If you're single and have children, invite some other singles over to
share your Christmas with them for a few hours.   Invest some of your
time with singles more lonely than yourself.

Spend your holiday season meeting new people and renewing acquaintances
at the many singles holiday parties. Go where the people are, to
overcome loneliness.

Never mind meeting Ms. or Mr. Perfect. Just enjoy to the fullest the
people you come in contact with. It is a happy, festive time of the
year and you can be part of it. Everyone is in a more tolerant mood.

Remember you're single. If you want to go to Mexico for the holidays,
you're free to do so. Maybe you can enjoy this new freedom to do things
you have never done before and have an exciting new adventure at
Christmas that may make past holidays pale in comparison.
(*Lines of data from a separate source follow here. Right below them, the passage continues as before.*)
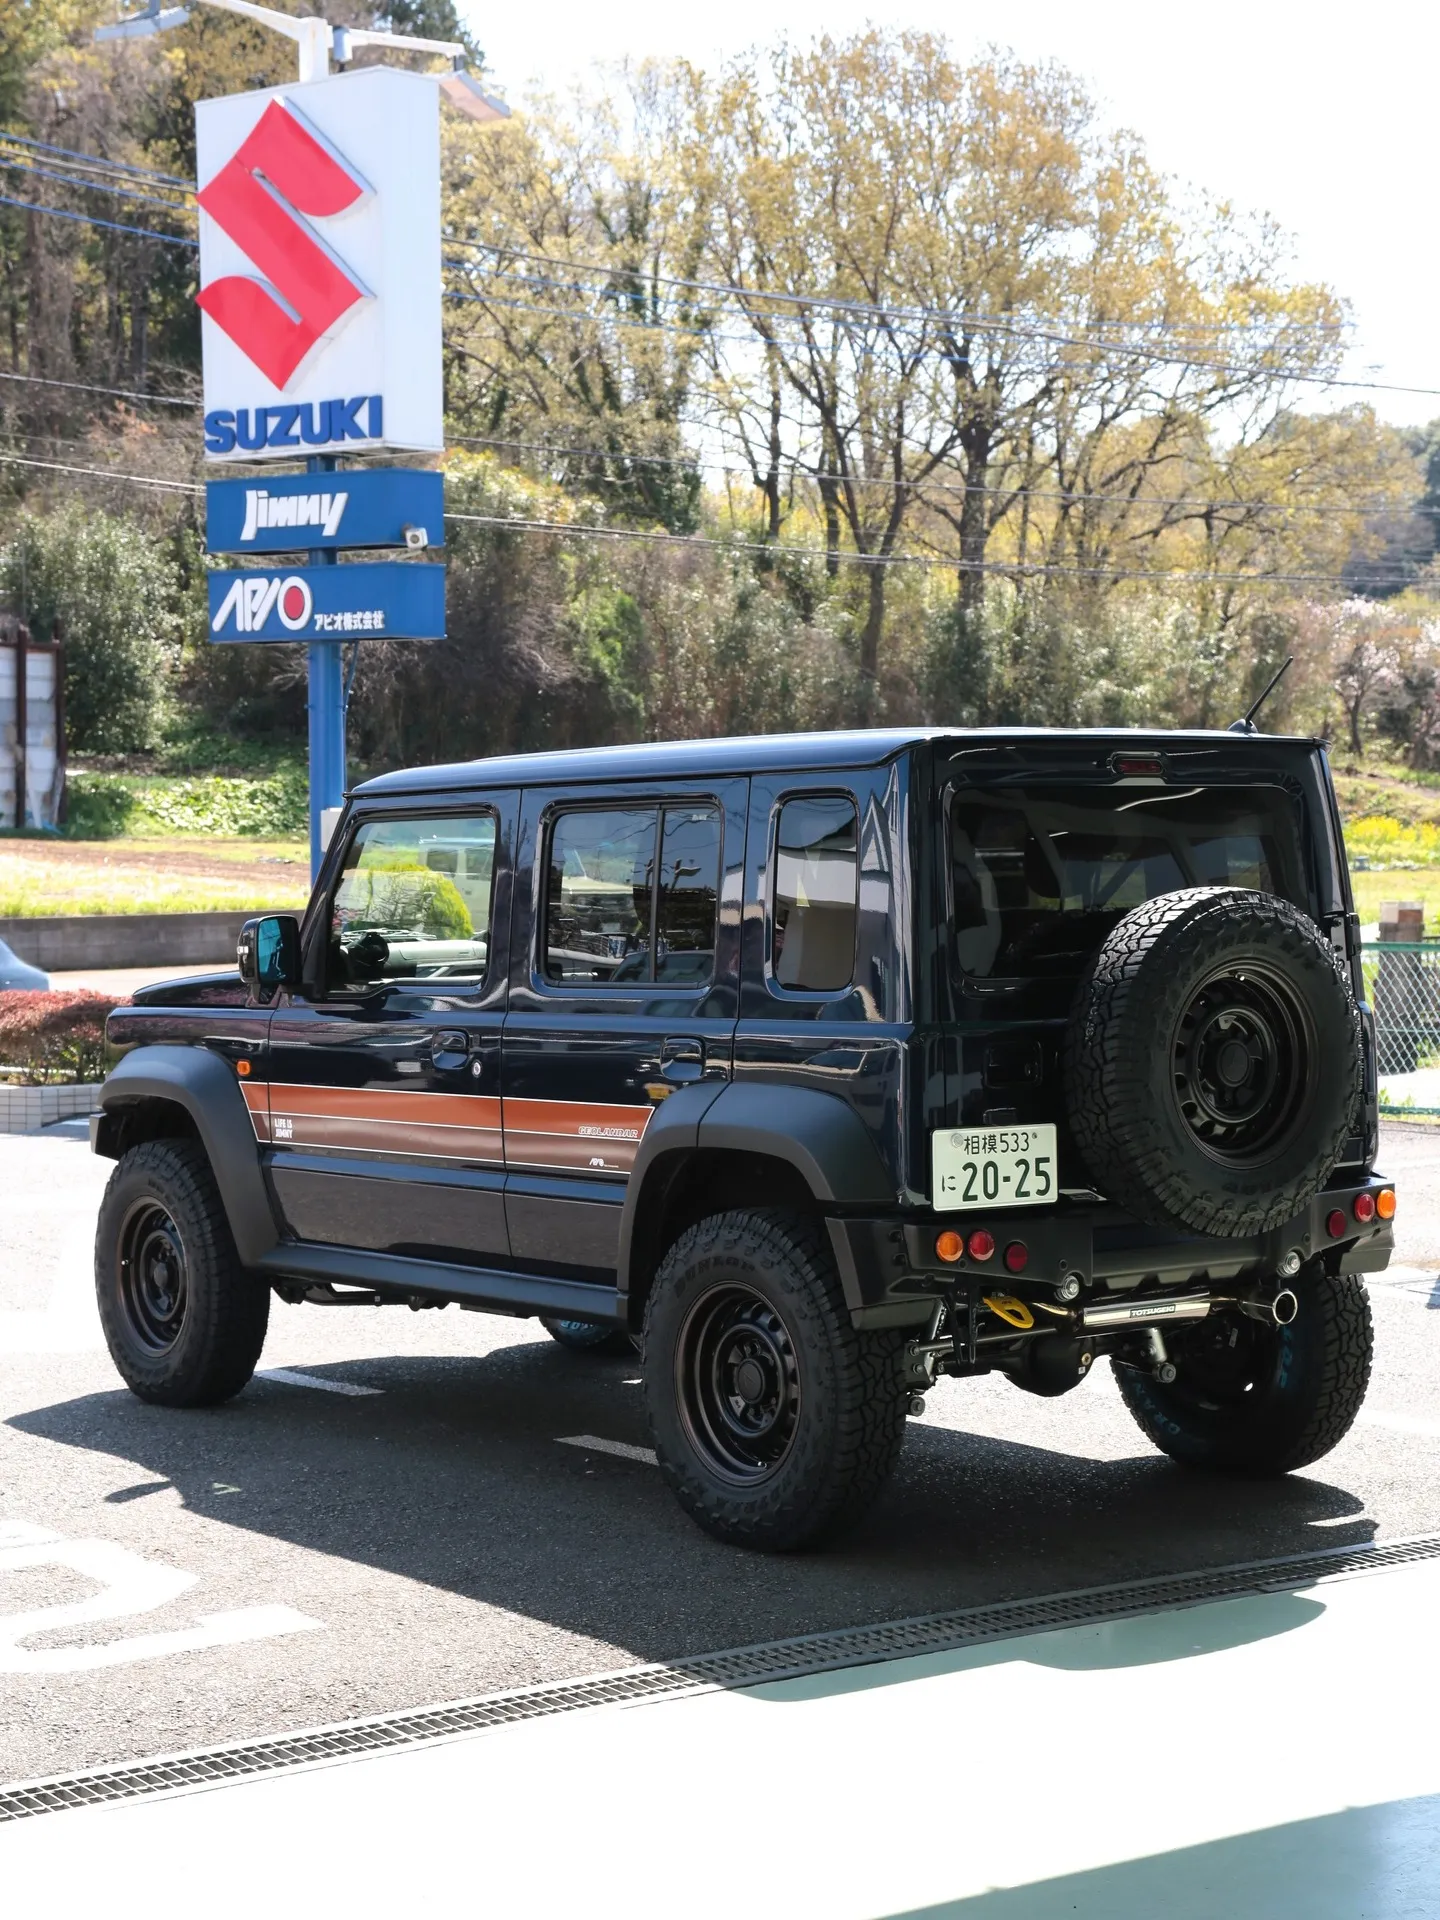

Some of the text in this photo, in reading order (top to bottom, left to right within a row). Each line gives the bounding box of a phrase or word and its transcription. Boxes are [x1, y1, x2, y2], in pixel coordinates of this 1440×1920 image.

[204, 395, 383, 454] SUZUKI
[274, 1119, 293, 1128] LIFE IS
[578, 1125, 639, 1138] GEOLANDAR
[964, 1132, 1030, 1155] 相模 533
[941, 1156, 1051, 1202] に 20-25
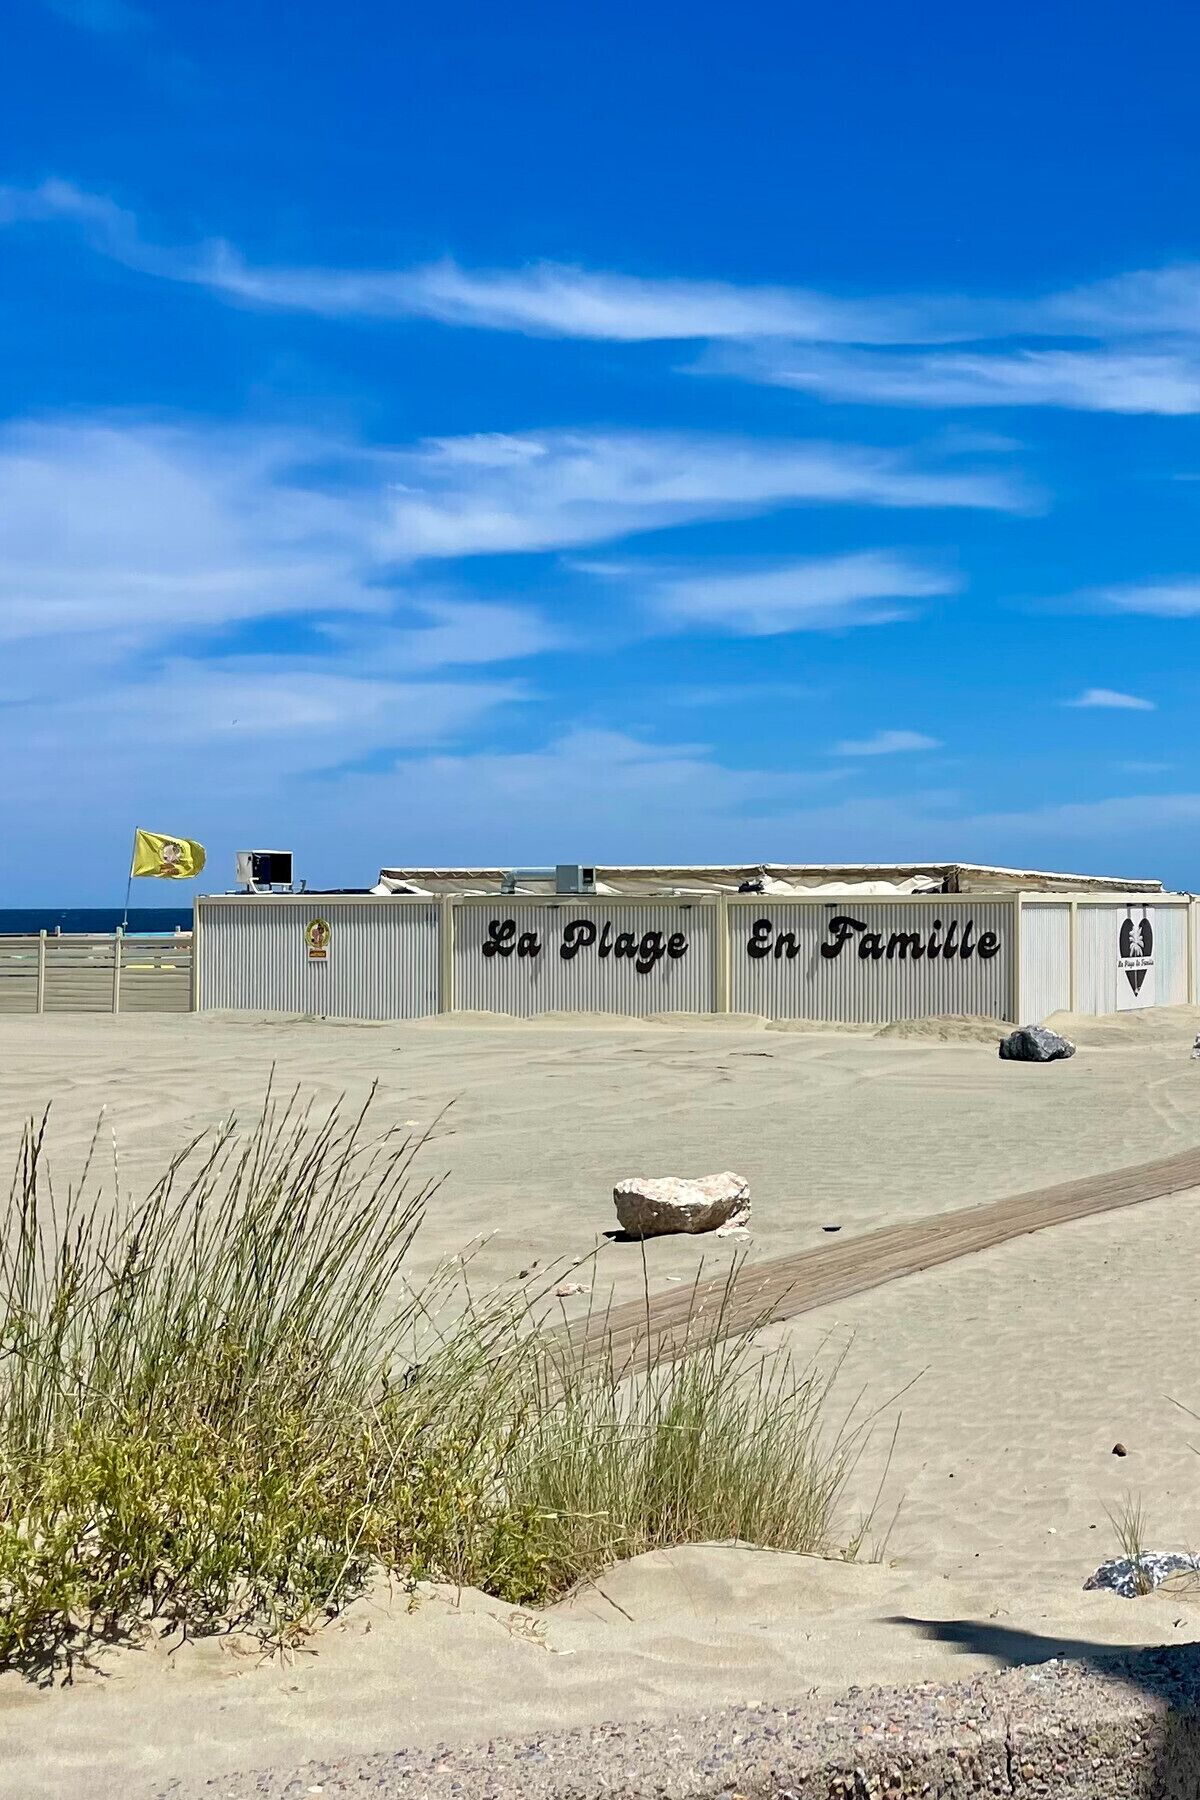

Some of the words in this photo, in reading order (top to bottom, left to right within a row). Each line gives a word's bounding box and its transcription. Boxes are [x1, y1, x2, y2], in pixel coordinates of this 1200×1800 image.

If you're lonely and depressed, do not try to compensate by blowing a
bundle on presents for others and/or yourself. Maybe you think you can
compete for friendship by spending a lot. Do not feel that spending all
that cash overcomes your inadequacies, to make you competitive. Show
interest in others with a gift but do not measure it with a big price
tag. All that a spending binge that will take you until July to pay off
can give you is distress.

Try to get enough rest so you can enjoy the holidays. Tiredness and
depression go together.

In regard to food, lose a few extra pounds before the holidays to avoid
a bulging waistline, in addition to empty pockets after Christmas.

Be yourself

Keep your holiday expectations low. Treat your kids and friends with
common sense and just be yourself--no forced gaiety. Relax and enjoy
the holidays--they will be a pleasure instead of a pall.

Rest up and renew over the holidays, learn to relax, turn over a new
leaf and plan your successful 2010 single season.